The Durango and Mancos arts communities are preparing to say “so long” to a longtime artist who, many say, has been a vitally important contributor, champion, organizer and mentor to dozens of her colleagues.
Heather Leavitt Martinez, who has lived here for 22 years, is moving to Washington, D.C., to work full-time as a graphic recorder – a decades-old but not widely known (outside the corporate world, at least) field that captures her skills in a new way.
Leavitt Martinez has been, for many years, a photographer and print-maker. She is well-known for alternative-process photography, a nontraditional way of making prints, such as hand coating emulsion on tin, aluminum or glass, among other techniques. But now, she has closed her studio and sold her cameras, ready to leave a realm of the artistic world that fed her for as long as it could.
“When I found graphic recording, I found my visual language and no longer needed to create art,” Leavitt Martinez said.
Graphic recording is a practice that takes peoples’ ideas and expressions and, in a live environment, uses words, drawings and simple icons to put it all on paper. Think of it as a blend of listening, synthesizing and drawing, Leavitt Martinez said. She started doing this kind of work 2½ years ago while working as a graphics specialist at Korn Ferry, a corporate leadership company. She took several workshops and was immediately drawn to its impact on people participating in meetings that use these “visual practitioners.”
“As an artist, I would create art and not have a connection with my audience,” Leavitt Martinez said. “In my new work, I can facilitate change, and take that artistic talent to the corporate board room. I can walk into a room and see people transform.”

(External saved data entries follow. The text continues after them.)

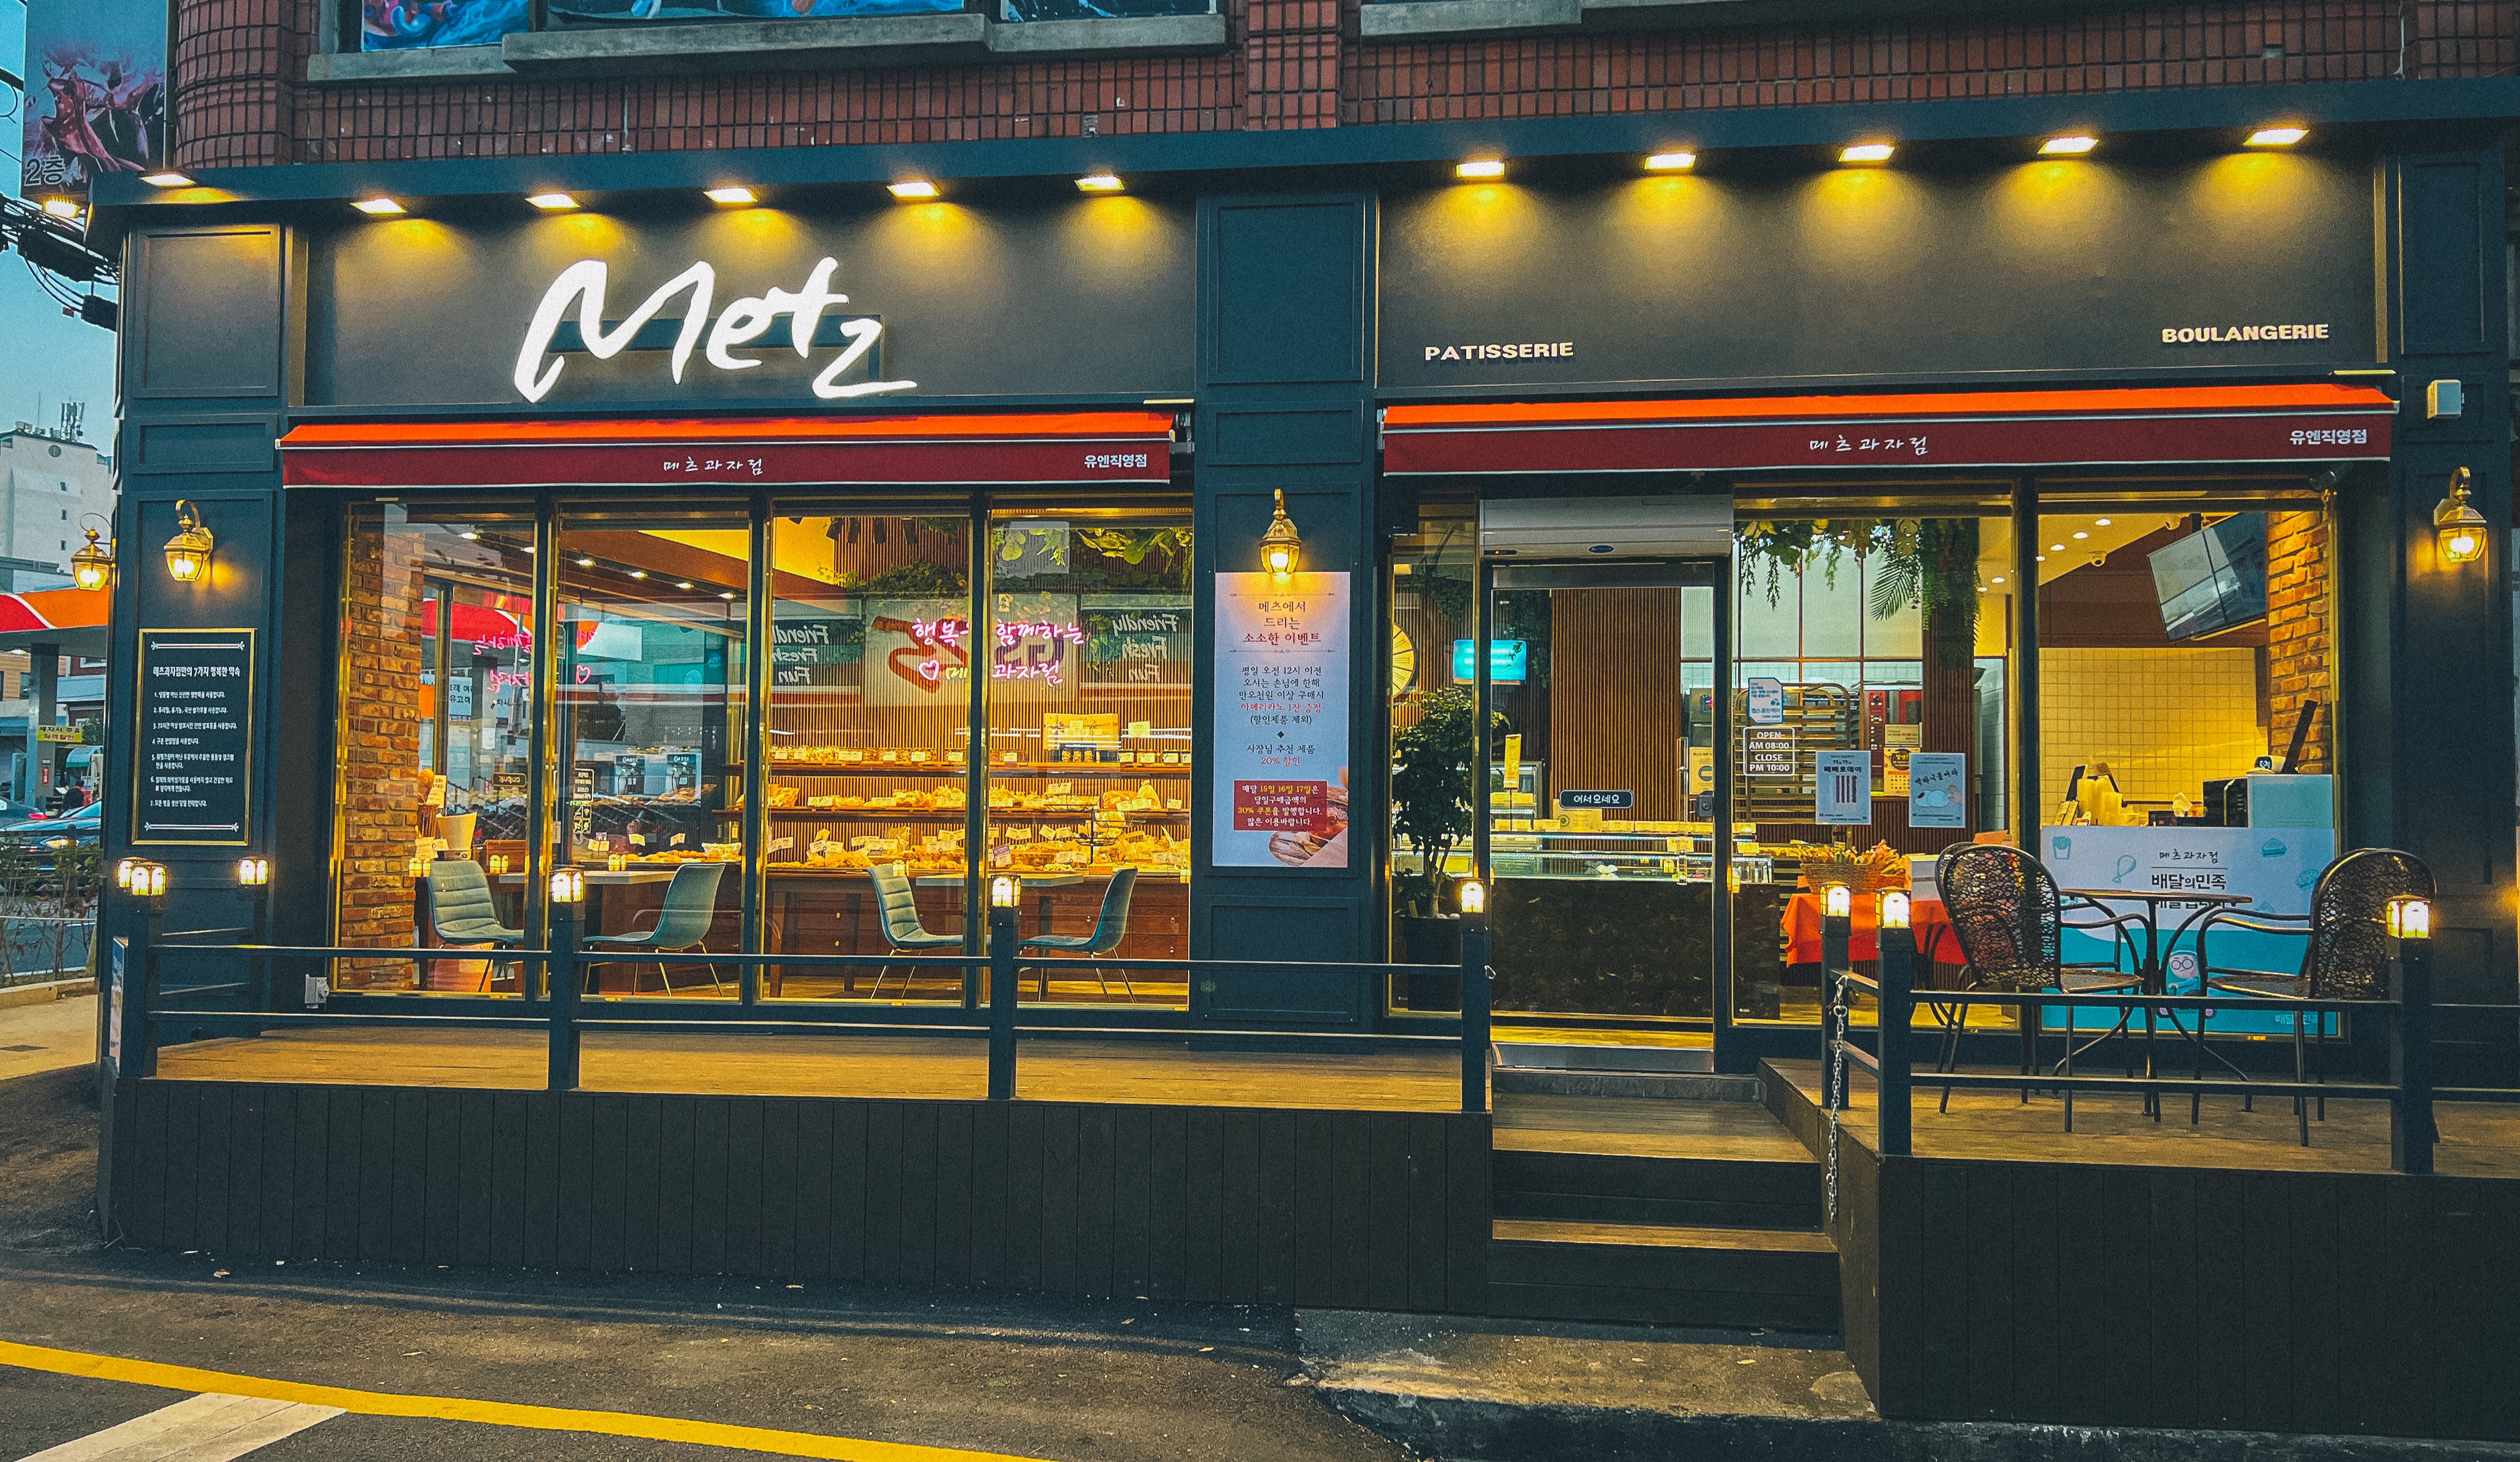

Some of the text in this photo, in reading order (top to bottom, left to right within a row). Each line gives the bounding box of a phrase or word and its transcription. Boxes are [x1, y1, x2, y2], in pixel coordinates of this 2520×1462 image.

[24, 154, 66, 186] 2층
[514, 256, 918, 403] Metz
[2162, 324, 2329, 343] BOULANGERIE
[1425, 341, 1574, 361] PATISSERIE
[2289, 429, 2368, 445] 유엔직영점
[1084, 454, 1148, 469] 유엔직영점
[1258, 600, 1306, 613] 메츠에서
[1263, 617, 1301, 630] 드리는
[996, 619, 1085, 647] 함께하는
[1242, 632, 1321, 646] 소소한 이벤트
[194, 666, 209, 677] 7가지
[210, 666, 228, 677] 행복한
[228, 666, 241, 677] 약속
[1241, 665, 1322, 677] 평일 오전 12시 이전
[1242, 678, 1320, 689] 오시는 손님에 한해
[1239, 690, 1324, 701] 만오천원 이상 구매시
[1241, 702, 1322, 714] 아메리카노 1잔 증정
[1250, 715, 1312, 725] (할인제품 제외)
[1246, 744, 1316, 755] 사장님 추천 제품
[1261, 756, 1301, 767] 20% 할인
[1755, 753, 1783, 762] CLOSE
[1766, 763, 1790, 772] 10:00
[1242, 785, 1319, 794] 매달 15일 16일 17일은
[1254, 795, 1307, 805] 당일구매금액의
[1573, 793, 1620, 804] 어서오세요
[1256, 807, 1280, 816] 쿠폰을
[1282, 807, 1322, 816] 발행합니다.
[1247, 817, 1312, 827] 많은 이용바랍니다.
[2151, 873, 2227, 890] 배달의민족
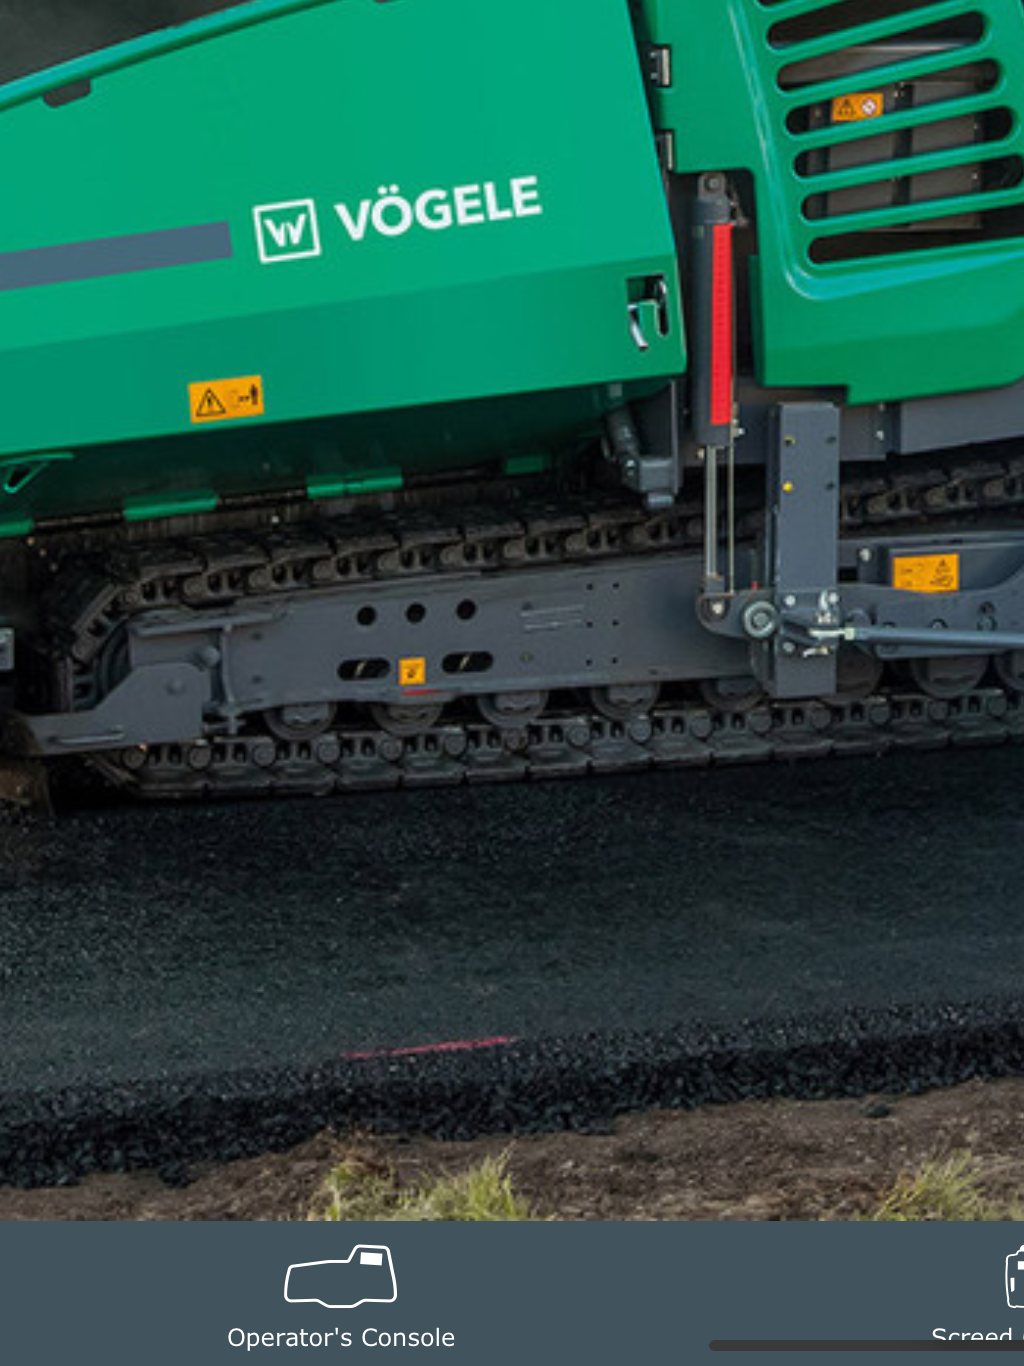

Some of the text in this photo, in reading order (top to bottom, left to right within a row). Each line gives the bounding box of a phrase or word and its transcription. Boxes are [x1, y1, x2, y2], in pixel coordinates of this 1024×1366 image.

[333, 175, 543, 241] VÖGELE
[227, 1327, 455, 1352] Operator's Console

In D.C., she will be working with a mentor to build the graphic recording practice for OGSystems, which develops software and integration solutions for federal and commercial clients.
“I have really big plans. I can’t create art anymore,” Leavitt Martinez said. “It will be a former life.”
Her transition to a new career doesn’t make Leavitt Martinez pause for even a minute. But her absence locally community will matter. In 2004, Leavitt Martinez and her husband, Ray, started Arts Perspective magazine, which focused on the area’s artists, galleries and more. They sold it in 2010.
“Ray and I started Arts Perspective for completely selfish reasons: to give ourselves and other emerging artists a voice in the community. It eventually grew to covering well-known artists as well. The process of publishing a magazine taught us who we are as much as we learned from the artists in Southwest Colorado,” Leavitt Martinez said.
Ray is chief financial officer at Durango Orthopedics, but he also is a photographer – and, as Leavitt Martinez explains, a “creative thought partner, co-founder and tireless supporter of all of these projects.”
She said on some level, artists here raised her. She doesn’t have to stop for long to think about who impacted her most, because there are many. It goes both ways, too.
“Heather managed to get her influence in many places,” said Margy Dudley, owner of Open Shutter Gallery. “She is one of the most creative minds I’ve ever met.”
Dudley said Leavitt Martinez’s boundless creativity always enhanced what she offered at her photography gallery, whether it was her setting up an alternative-process photography show or silk screening cards to sell there.
“I wonder if she has a clone,” Dudley said. “She must have a longer day than 24 hours. She seems to have a way of getting things done.”
That lines up with what Mancos artist Mary Alice Hearn says about Leavitt Martinez.
“Her impact is her desire to ask, ‘What is possible?’ And to step out and risk,” Hearn said.
Leavitt Martinez’s ability to take younger, emerging artists under her wing and guide them to greatness has been her hallmark, said gallery owner Karyn Gabaldon. She led them beyond the process of making art and into understanding the business side of it. In fact, in D.C., Leavitt Martinez also will be working on creating an art career planning tool to help people build their lives on art.
“For me, personally, Heather is a big sister type figure,” said Tim Kapustka, an artist and one owner of Studio &. “She’s a very nurturing person – to the point where you say, ‘Is this person for real?’”
Hearn’s sentiments about Leavitt Martinez line up with what the now-former photographer is setting off to do in Washington, D.C., as the graphic recorder: “A mindful woman, Heather listens, Heather observes, Heather is curious, Heather overflows with creativity,” Hearn said.